Я ввел фактически различение между двумя действительностями: между действительностью объективного научного знания, или того, что традиционно является или являлось объективным научным знанием, или позитивным предметным знанием, и, с другой стороны, некой действительностью (я назвал ее феноменологической), которая является предметом применения каких‑то других способов описания. То, что необходим другой способ описания, мы уже понимаем из того примера, который я приводил: описание видимого нами движения Солнца в терминах реального, я подчеркиваю, реального строения Солнечной системы не дает нам ответа на вопрос, каким способом живет та наша реальная психическая жизнь, которая, как вокруг стержня, организована вокруг видимого движения Солнца. Или, другими словами, астрономическое знание не содержит в себе ряда ответов, которые мы ищем, на некоторые проблемы нашей психической жизни, режима нашего сознания, проблемы того, как функционирует наша психика, как функционирует наше общение и так далее. Последние явно функционируют вокруг некоего устойчивого и неразложимого образования, того, которое у Гуссерля называется Ur‑явлением, то есть первым явлением, или первичным явлением. Что бы мы ни знали о действительном с точки зрения науки устройстве Вселенной, из этого знания не извлекаемы никакие ответы на вопрос о психической жизни, которая организована, наращена на этот Urphänomen[40], или первофеномен.

То, что я сейчас говорю, можно пояснить и с другой стороны, расширяя одновременно круг, материал ассоциаций. Вы помните, что я вводил проблему синкретизма как общий ключ, общее направление, в котором сместилась современная философия. Современная философия, которая теперь интересуется проблемой феномена, в лице феномена занимается чем‑то синкретическим. А теперь я это еще поясню, добавив сторону, которая легко поддается объяснению, сторону того течения, или хода, мысли, которую я называю индивидуацией. С этой стороны я поясню проблему феномена, и мы сможем двигаться дальше.

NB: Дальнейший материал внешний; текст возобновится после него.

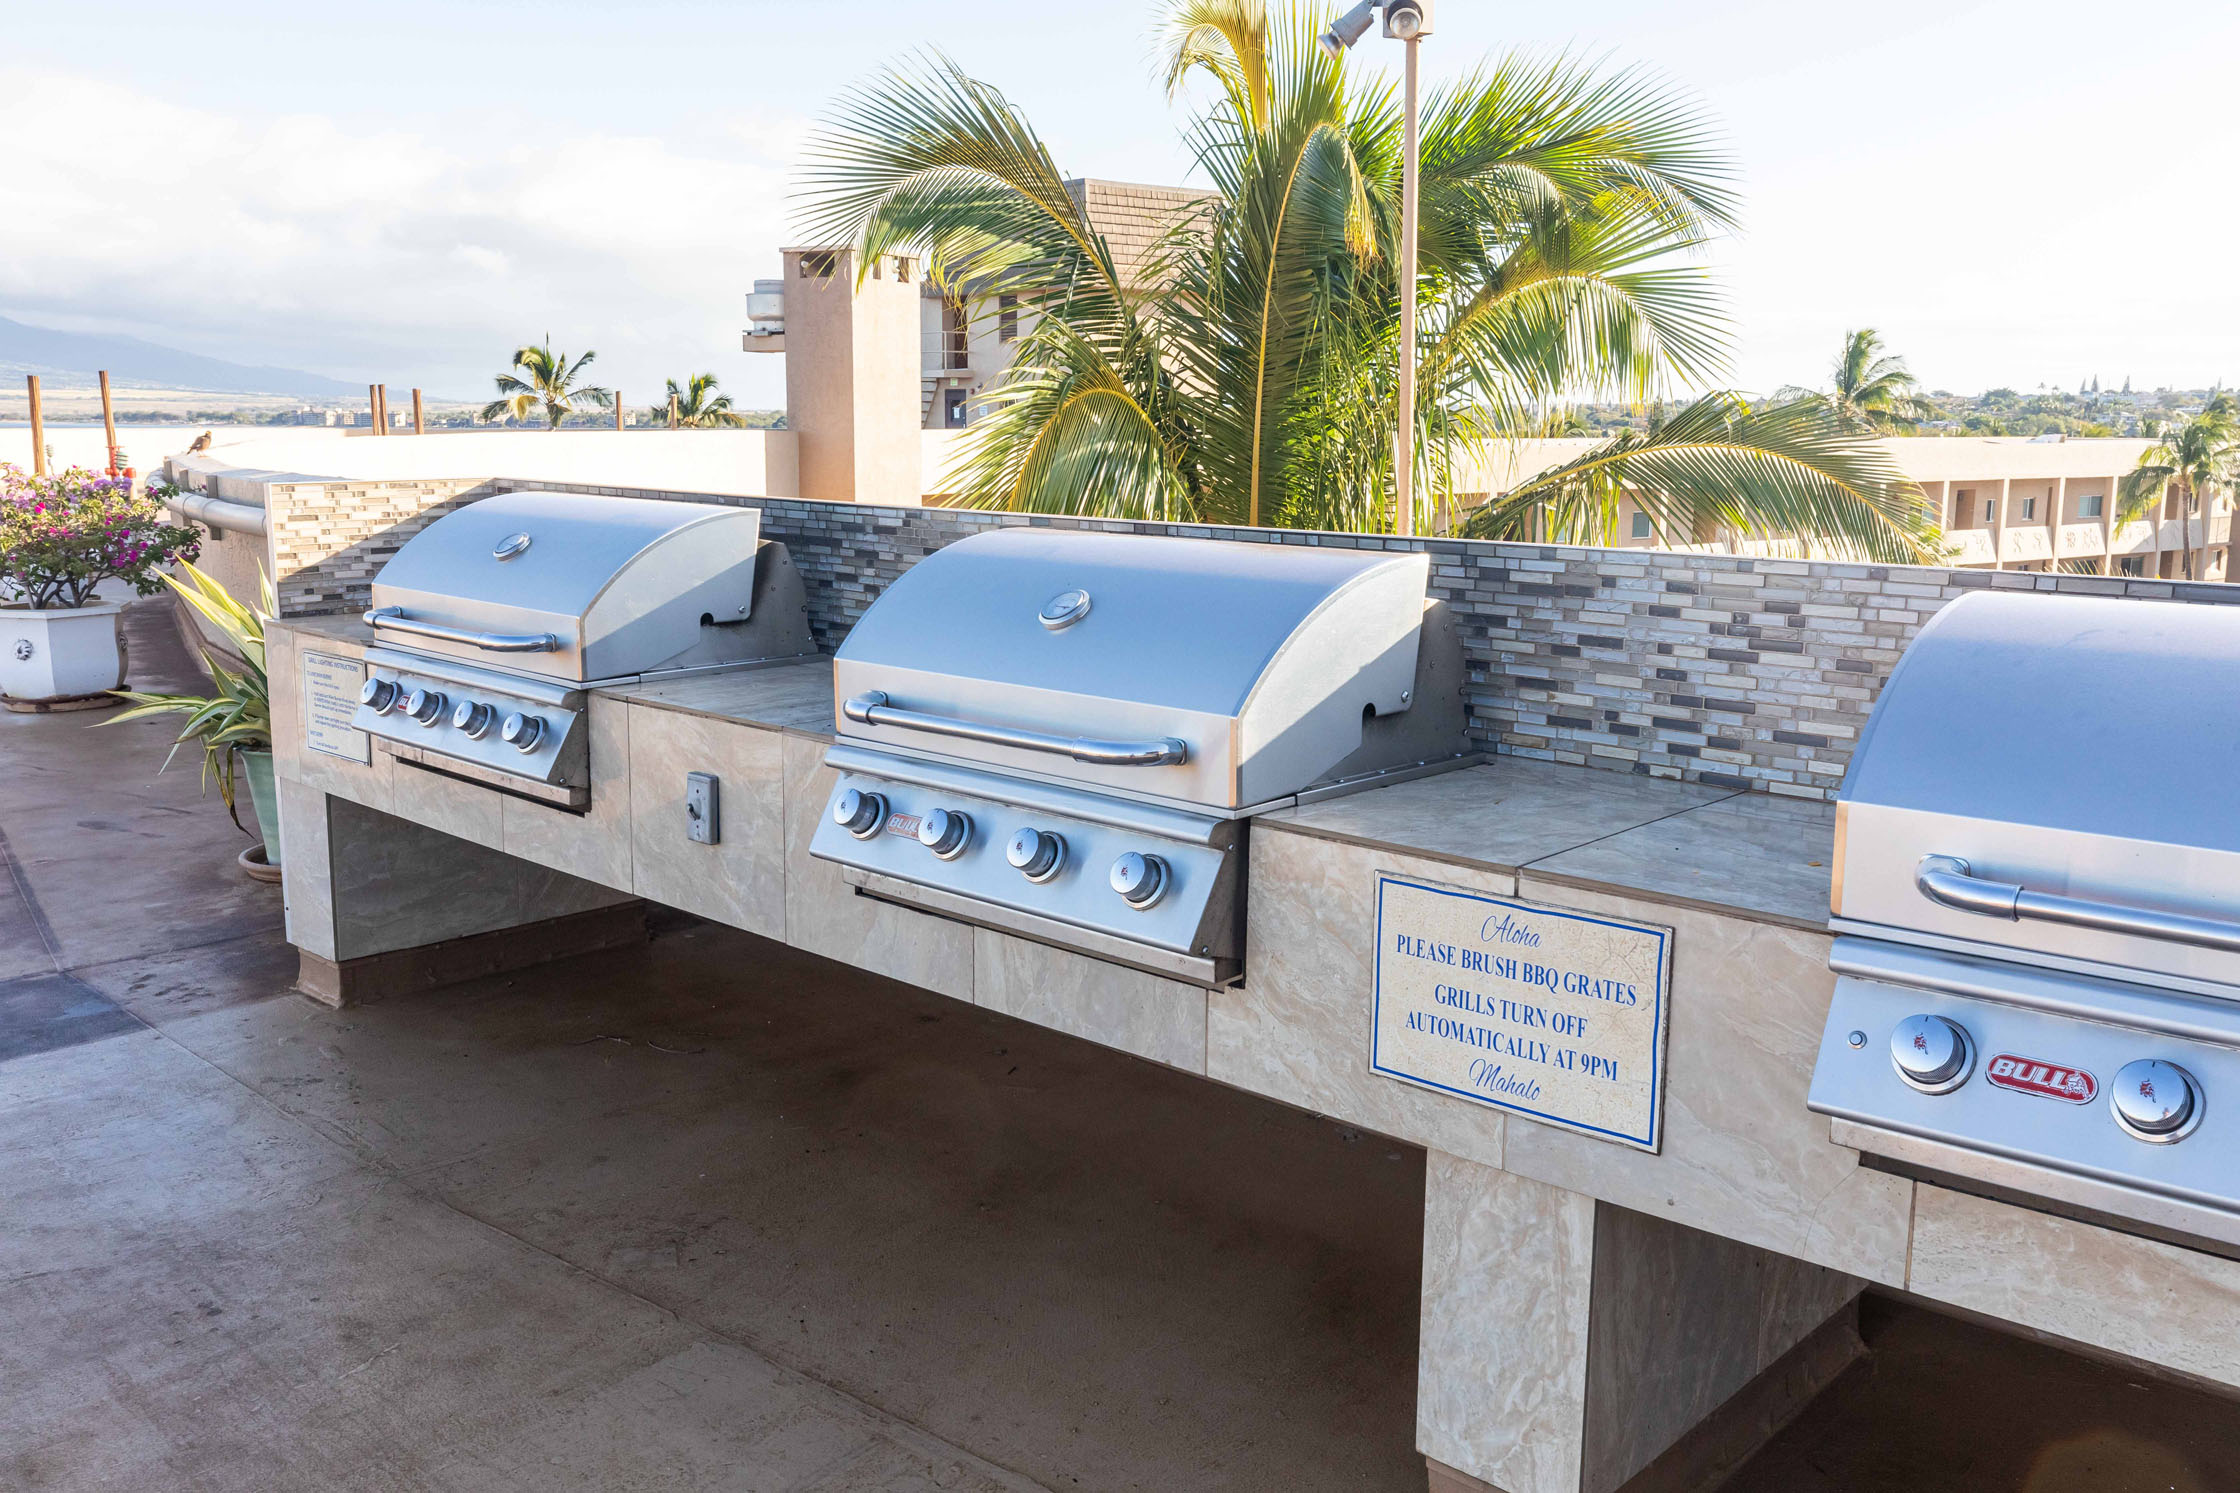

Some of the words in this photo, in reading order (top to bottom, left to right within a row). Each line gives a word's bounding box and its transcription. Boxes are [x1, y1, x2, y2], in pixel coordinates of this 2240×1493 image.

Попробуем сделать так. Скажем, вот пример, который я приводил о Флобере, когда говорил о двух возможных разрезах социального бытия. Мы в одном срезе можем рассматривать социальное бытие в плане массовых социальных связей и событий, массовых явлений, и есть другой срез бытия, когда мы то же самое можем рассматривать совершенно в другом, индивидуализирующем, или индивидуирующем, плане: скажем, преступник как предмет социологического объективного анализа и он же с точки зрения того, что именно он преступник, а не кто‑то другой. Закон больших чисел говорит, что будет пятьдесят преступников, а почему эти пятьдесят преступников составлены именно из этих пятидесяти людей, на это закон больших чисел не отвечает. Или, иными словами, то, что мы можем рассматривать в терминах социальных процессов, то же самое мы можем рассматривать и в терминах, скажем, недостатка личностного развития, то есть способности индивида, или человека, на своем уровне индивидуализировать мир как целое и воспроизвести его на уровне своих возможностей и способностей как свое умение.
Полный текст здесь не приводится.